INFORMATION SUPPLIED Block Start

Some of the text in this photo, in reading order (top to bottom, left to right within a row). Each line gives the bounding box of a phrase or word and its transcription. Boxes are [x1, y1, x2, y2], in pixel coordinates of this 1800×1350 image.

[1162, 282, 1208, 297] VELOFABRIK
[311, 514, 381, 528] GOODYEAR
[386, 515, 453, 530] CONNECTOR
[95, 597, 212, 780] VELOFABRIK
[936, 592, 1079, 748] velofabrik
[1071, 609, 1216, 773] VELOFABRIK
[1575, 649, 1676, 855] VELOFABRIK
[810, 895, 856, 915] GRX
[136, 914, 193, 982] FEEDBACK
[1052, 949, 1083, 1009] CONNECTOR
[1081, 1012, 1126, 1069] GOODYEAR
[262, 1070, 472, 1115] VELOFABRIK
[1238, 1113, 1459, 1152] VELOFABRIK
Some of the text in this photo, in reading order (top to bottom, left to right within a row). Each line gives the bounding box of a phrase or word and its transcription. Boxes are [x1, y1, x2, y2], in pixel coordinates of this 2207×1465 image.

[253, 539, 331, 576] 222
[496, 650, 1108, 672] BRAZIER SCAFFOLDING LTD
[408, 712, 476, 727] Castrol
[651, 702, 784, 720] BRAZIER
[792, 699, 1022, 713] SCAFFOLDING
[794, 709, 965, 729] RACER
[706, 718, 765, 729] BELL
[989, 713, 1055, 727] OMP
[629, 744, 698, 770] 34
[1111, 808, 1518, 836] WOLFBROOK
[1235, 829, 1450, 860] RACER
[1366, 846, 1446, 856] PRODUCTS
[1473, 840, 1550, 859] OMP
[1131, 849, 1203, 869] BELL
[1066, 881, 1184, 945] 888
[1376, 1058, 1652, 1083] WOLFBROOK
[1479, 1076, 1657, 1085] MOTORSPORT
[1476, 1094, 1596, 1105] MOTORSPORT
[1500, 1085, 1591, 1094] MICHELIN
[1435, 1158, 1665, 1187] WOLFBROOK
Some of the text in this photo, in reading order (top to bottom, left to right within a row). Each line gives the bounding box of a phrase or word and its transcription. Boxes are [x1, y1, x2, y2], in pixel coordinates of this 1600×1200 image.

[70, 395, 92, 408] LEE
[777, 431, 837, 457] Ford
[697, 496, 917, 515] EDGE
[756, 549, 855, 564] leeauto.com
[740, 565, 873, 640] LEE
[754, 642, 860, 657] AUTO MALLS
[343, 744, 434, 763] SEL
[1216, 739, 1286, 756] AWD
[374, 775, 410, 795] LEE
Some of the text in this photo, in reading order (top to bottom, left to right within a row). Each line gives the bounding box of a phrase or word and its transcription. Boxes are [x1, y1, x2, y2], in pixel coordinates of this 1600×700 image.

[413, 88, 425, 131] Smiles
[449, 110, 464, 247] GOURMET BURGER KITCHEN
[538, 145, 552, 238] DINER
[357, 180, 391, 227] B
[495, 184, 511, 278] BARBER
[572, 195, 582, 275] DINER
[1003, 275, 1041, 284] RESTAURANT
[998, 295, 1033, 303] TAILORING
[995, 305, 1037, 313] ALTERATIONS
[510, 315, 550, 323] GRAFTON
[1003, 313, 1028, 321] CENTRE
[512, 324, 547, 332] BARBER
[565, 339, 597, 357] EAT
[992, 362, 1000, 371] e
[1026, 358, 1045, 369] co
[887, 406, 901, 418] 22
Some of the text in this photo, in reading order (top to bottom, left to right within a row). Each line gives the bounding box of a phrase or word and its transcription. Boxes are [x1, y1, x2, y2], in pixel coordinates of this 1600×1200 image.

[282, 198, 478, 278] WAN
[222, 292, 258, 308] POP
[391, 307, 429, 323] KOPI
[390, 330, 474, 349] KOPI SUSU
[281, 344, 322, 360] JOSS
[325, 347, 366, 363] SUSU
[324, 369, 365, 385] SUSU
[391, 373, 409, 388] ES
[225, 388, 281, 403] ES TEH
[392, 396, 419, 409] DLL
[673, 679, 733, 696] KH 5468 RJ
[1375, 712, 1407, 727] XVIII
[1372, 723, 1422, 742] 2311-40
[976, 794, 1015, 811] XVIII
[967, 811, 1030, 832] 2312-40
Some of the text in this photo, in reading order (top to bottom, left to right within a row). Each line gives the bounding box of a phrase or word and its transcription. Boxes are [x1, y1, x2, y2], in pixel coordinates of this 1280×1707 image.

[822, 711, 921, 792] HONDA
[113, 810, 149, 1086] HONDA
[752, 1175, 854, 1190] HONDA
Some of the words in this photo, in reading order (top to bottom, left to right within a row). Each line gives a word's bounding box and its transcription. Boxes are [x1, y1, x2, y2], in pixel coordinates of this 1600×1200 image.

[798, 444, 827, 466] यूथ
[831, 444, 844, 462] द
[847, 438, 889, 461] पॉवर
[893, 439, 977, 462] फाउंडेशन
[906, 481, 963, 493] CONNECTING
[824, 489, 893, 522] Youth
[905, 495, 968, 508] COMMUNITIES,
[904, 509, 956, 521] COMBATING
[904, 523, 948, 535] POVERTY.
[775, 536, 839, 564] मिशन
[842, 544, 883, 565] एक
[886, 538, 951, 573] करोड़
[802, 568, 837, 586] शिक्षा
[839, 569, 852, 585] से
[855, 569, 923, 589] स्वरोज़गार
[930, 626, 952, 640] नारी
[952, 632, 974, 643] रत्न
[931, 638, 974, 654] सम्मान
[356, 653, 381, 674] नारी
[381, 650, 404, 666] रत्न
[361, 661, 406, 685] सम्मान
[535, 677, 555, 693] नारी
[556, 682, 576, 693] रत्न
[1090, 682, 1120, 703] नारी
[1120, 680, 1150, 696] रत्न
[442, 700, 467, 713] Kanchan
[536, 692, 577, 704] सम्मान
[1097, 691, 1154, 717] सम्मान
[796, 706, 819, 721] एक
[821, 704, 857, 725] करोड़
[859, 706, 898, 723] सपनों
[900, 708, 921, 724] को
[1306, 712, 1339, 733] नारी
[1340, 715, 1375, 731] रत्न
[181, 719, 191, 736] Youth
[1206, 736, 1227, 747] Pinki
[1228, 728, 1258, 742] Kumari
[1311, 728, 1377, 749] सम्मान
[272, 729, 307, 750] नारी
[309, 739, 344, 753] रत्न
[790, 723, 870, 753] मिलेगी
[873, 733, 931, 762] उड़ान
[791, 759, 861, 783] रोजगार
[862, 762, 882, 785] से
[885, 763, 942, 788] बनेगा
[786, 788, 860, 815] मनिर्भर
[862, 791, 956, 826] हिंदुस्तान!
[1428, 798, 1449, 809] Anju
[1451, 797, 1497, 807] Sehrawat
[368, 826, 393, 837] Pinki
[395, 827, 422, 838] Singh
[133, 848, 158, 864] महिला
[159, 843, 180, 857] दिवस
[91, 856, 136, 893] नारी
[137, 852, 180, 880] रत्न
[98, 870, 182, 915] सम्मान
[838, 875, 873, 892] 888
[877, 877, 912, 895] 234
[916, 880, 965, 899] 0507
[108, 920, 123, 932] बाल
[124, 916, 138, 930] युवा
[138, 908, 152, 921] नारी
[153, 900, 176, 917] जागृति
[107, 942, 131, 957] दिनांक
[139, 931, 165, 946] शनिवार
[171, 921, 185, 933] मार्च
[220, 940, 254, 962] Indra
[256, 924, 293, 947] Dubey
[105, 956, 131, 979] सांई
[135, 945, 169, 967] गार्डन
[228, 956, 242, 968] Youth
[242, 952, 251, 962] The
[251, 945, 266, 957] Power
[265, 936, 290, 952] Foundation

INFORMATION SUPPLIED Block End

■ WORK TO BE COMPLETED ■
Write each entry out again. Do not change a word.

■ ANSWER TO THIS EXERCISE ■
Some of the text in this photo, in reading order (top to bottom, left to right within a row). Each line gives the bounding box of a phrase or word and its transcription. Boxes are [x1, y1, x2, y2], in pixel coordinates of this 1800×1350 image.

[1162, 282, 1208, 297] VELOFABRIK
[311, 514, 381, 528] GOODYEAR
[386, 515, 453, 530] CONNECTOR
[95, 597, 212, 780] VELOFABRIK
[936, 592, 1079, 748] velofabrik
[1071, 609, 1216, 773] VELOFABRIK
[1575, 649, 1676, 855] VELOFABRIK
[810, 895, 856, 915] GRX
[136, 914, 193, 982] FEEDBACK
[1052, 949, 1083, 1009] CONNECTOR
[1081, 1012, 1126, 1069] GOODYEAR
[262, 1070, 472, 1115] VELOFABRIK
[1238, 1113, 1459, 1152] VELOFABRIK
Some of the text in this photo, in reading order (top to bottom, left to right within a row). Each line gives the bounding box of a phrase or word and its transcription. Boxes are [x1, y1, x2, y2], in pixel coordinates of this 2207×1465 image.

[253, 539, 331, 576] 222
[496, 650, 1108, 672] BRAZIER SCAFFOLDING LTD
[408, 712, 476, 727] Castrol
[651, 702, 784, 720] BRAZIER
[792, 699, 1022, 713] SCAFFOLDING
[794, 709, 965, 729] RACER
[706, 718, 765, 729] BELL
[989, 713, 1055, 727] OMP
[629, 744, 698, 770] 34
[1111, 808, 1518, 836] WOLFBROOK
[1235, 829, 1450, 860] RACER
[1366, 846, 1446, 856] PRODUCTS
[1473, 840, 1550, 859] OMP
[1131, 849, 1203, 869] BELL
[1066, 881, 1184, 945] 888
[1376, 1058, 1652, 1083] WOLFBROOK
[1479, 1076, 1657, 1085] MOTORSPORT
[1476, 1094, 1596, 1105] MOTORSPORT
[1500, 1085, 1591, 1094] MICHELIN
[1435, 1158, 1665, 1187] WOLFBROOK
Some of the text in this photo, in reading order (top to bottom, left to right within a row). Each line gives the bounding box of a phrase or word and its transcription. Boxes are [x1, y1, x2, y2], in pixel coordinates of this 1600×1200 image.

[70, 395, 92, 408] LEE
[777, 431, 837, 457] Ford
[697, 496, 917, 515] EDGE
[756, 549, 855, 564] leeauto.com
[740, 565, 873, 640] LEE
[754, 642, 860, 657] AUTO MALLS
[343, 744, 434, 763] SEL
[1216, 739, 1286, 756] AWD
[374, 775, 410, 795] LEE
Some of the text in this photo, in reading order (top to bottom, left to right within a row). Each line gives the bounding box of a phrase or word and its transcription. Boxes are [x1, y1, x2, y2], in pixel coordinates of this 1600×700 image.

[413, 88, 425, 131] Smiles
[449, 110, 464, 247] GOURMET BURGER KITCHEN
[538, 145, 552, 238] DINER
[357, 180, 391, 227] B
[495, 184, 511, 278] BARBER
[572, 195, 582, 275] DINER
[1003, 275, 1041, 284] RESTAURANT
[998, 295, 1033, 303] TAILORING
[995, 305, 1037, 313] ALTERATIONS
[510, 315, 550, 323] GRAFTON
[1003, 313, 1028, 321] CENTRE
[512, 324, 547, 332] BARBER
[565, 339, 597, 357] EAT
[992, 362, 1000, 371] e
[1026, 358, 1045, 369] co
[887, 406, 901, 418] 22
Some of the text in this photo, in reading order (top to bottom, left to right within a row). Each line gives the bounding box of a phrase or word and its transcription. Boxes are [x1, y1, x2, y2], in pixel coordinates of this 1600×1200 image.

[282, 198, 478, 278] WAN
[222, 292, 258, 308] POP
[391, 307, 429, 323] KOPI
[390, 330, 474, 349] KOPI SUSU
[281, 344, 322, 360] JOSS
[325, 347, 366, 363] SUSU
[324, 369, 365, 385] SUSU
[391, 373, 409, 388] ES
[225, 388, 281, 403] ES TEH
[392, 396, 419, 409] DLL
[673, 679, 733, 696] KH 5468 RJ
[1375, 712, 1407, 727] XVIII
[1372, 723, 1422, 742] 2311-40
[976, 794, 1015, 811] XVIII
[967, 811, 1030, 832] 2312-40
Some of the text in this photo, in reading order (top to bottom, left to right within a row). Each line gives the bounding box of a phrase or word and its transcription. Boxes are [x1, y1, x2, y2], in pixel coordinates of this 1280×1707 image.

[822, 711, 921, 792] HONDA
[113, 810, 149, 1086] HONDA
[752, 1175, 854, 1190] HONDA
Some of the words in this photo, in reading order (top to bottom, left to right within a row). Each line gives a word's bounding box and its transcription. Boxes are [x1, y1, x2, y2], in pixel coordinates of this 1600×1200 image.

[798, 444, 827, 466] यूथ
[831, 444, 844, 462] द
[847, 438, 889, 461] पॉवर
[893, 439, 977, 462] फाउंडेशन
[906, 481, 963, 493] CONNECTING
[824, 489, 893, 522] Youth
[905, 495, 968, 508] COMMUNITIES,
[904, 509, 956, 521] COMBATING
[904, 523, 948, 535] POVERTY.
[775, 536, 839, 564] मिशन
[842, 544, 883, 565] एक
[886, 538, 951, 573] करोड़
[802, 568, 837, 586] शिक्षा
[839, 569, 852, 585] से
[855, 569, 923, 589] स्वरोज़गार
[930, 626, 952, 640] नारी
[952, 632, 974, 643] रत्न
[931, 638, 974, 654] सम्मान
[356, 653, 381, 674] नारी
[381, 650, 404, 666] रत्न
[361, 661, 406, 685] सम्मान
[535, 677, 555, 693] नारी
[556, 682, 576, 693] रत्न
[1090, 682, 1120, 703] नारी
[1120, 680, 1150, 696] रत्न
[442, 700, 467, 713] Kanchan
[536, 692, 577, 704] सम्मान
[1097, 691, 1154, 717] सम्मान
[796, 706, 819, 721] एक
[821, 704, 857, 725] करोड़
[859, 706, 898, 723] सपनों
[900, 708, 921, 724] को
[1306, 712, 1339, 733] नारी
[1340, 715, 1375, 731] रत्न
[181, 719, 191, 736] Youth
[1206, 736, 1227, 747] Pinki
[1228, 728, 1258, 742] Kumari
[1311, 728, 1377, 749] सम्मान
[272, 729, 307, 750] नारी
[309, 739, 344, 753] रत्न
[790, 723, 870, 753] मिलेगी
[873, 733, 931, 762] उड़ान
[791, 759, 861, 783] रोजगार
[862, 762, 882, 785] से
[885, 763, 942, 788] बनेगा
[786, 788, 860, 815] मनिर्भर
[862, 791, 956, 826] हिंदुस्तान!
[1428, 798, 1449, 809] Anju
[1451, 797, 1497, 807] Sehrawat
[368, 826, 393, 837] Pinki
[395, 827, 422, 838] Singh
[133, 848, 158, 864] महिला
[159, 843, 180, 857] दिवस
[91, 856, 136, 893] नारी
[137, 852, 180, 880] रत्न
[98, 870, 182, 915] सम्मान
[838, 875, 873, 892] 888
[877, 877, 912, 895] 234
[916, 880, 965, 899] 0507
[108, 920, 123, 932] बाल
[124, 916, 138, 930] युवा
[138, 908, 152, 921] नारी
[153, 900, 176, 917] जागृति
[107, 942, 131, 957] दिनांक
[139, 931, 165, 946] शनिवार
[171, 921, 185, 933] मार्च
[220, 940, 254, 962] Indra
[256, 924, 293, 947] Dubey
[105, 956, 131, 979] सांई
[135, 945, 169, 967] गार्डन
[228, 956, 242, 968] Youth
[242, 952, 251, 962] The
[251, 945, 266, 957] Power
[265, 936, 290, 952] Foundation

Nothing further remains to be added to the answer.